Repeat each record exactly, skipping the pictures.

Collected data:
• • • •
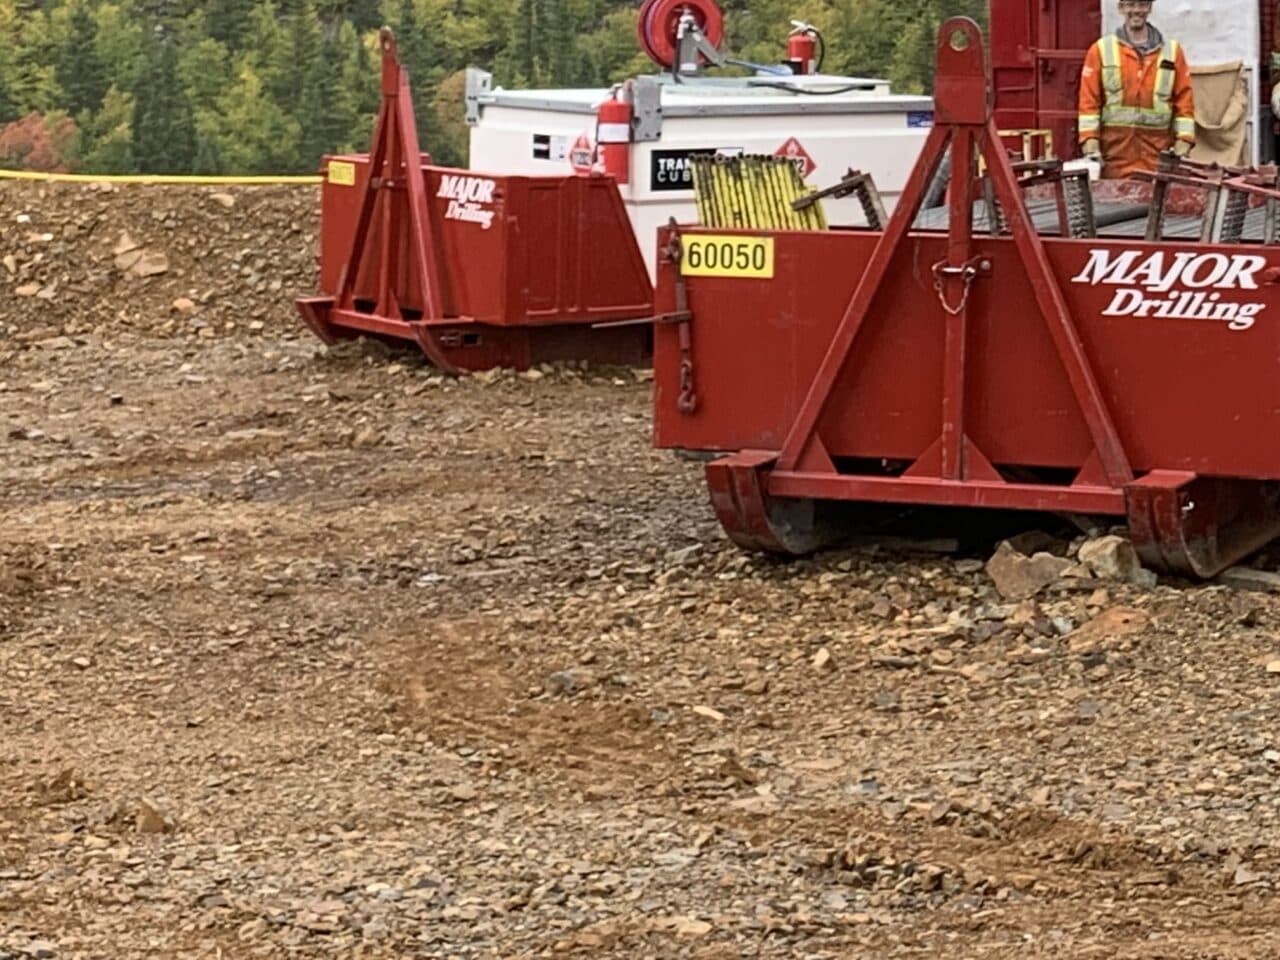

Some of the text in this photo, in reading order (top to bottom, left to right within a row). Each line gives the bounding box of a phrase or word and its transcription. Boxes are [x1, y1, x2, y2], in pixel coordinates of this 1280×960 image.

[436, 175, 496, 204] MAJOR
[657, 170, 691, 182] CUB
[444, 201, 495, 230] Drilling
[688, 242, 766, 270] 60050
[1071, 249, 1267, 292] MAJOR
[1101, 288, 1266, 330] Drilling
• • • •
Solution for this task:
Some of the text in this photo, in reading order (top to bottom, left to right within a row). Each line gives the bounding box of a phrase or word and its transcription. Boxes are [x1, y1, x2, y2], in pixel coordinates of this 1280×960 image.

[436, 175, 496, 204] MAJOR
[657, 170, 691, 182] CUB
[444, 201, 495, 230] Drilling
[688, 242, 766, 270] 60050
[1071, 249, 1267, 292] MAJOR
[1101, 288, 1266, 330] Drilling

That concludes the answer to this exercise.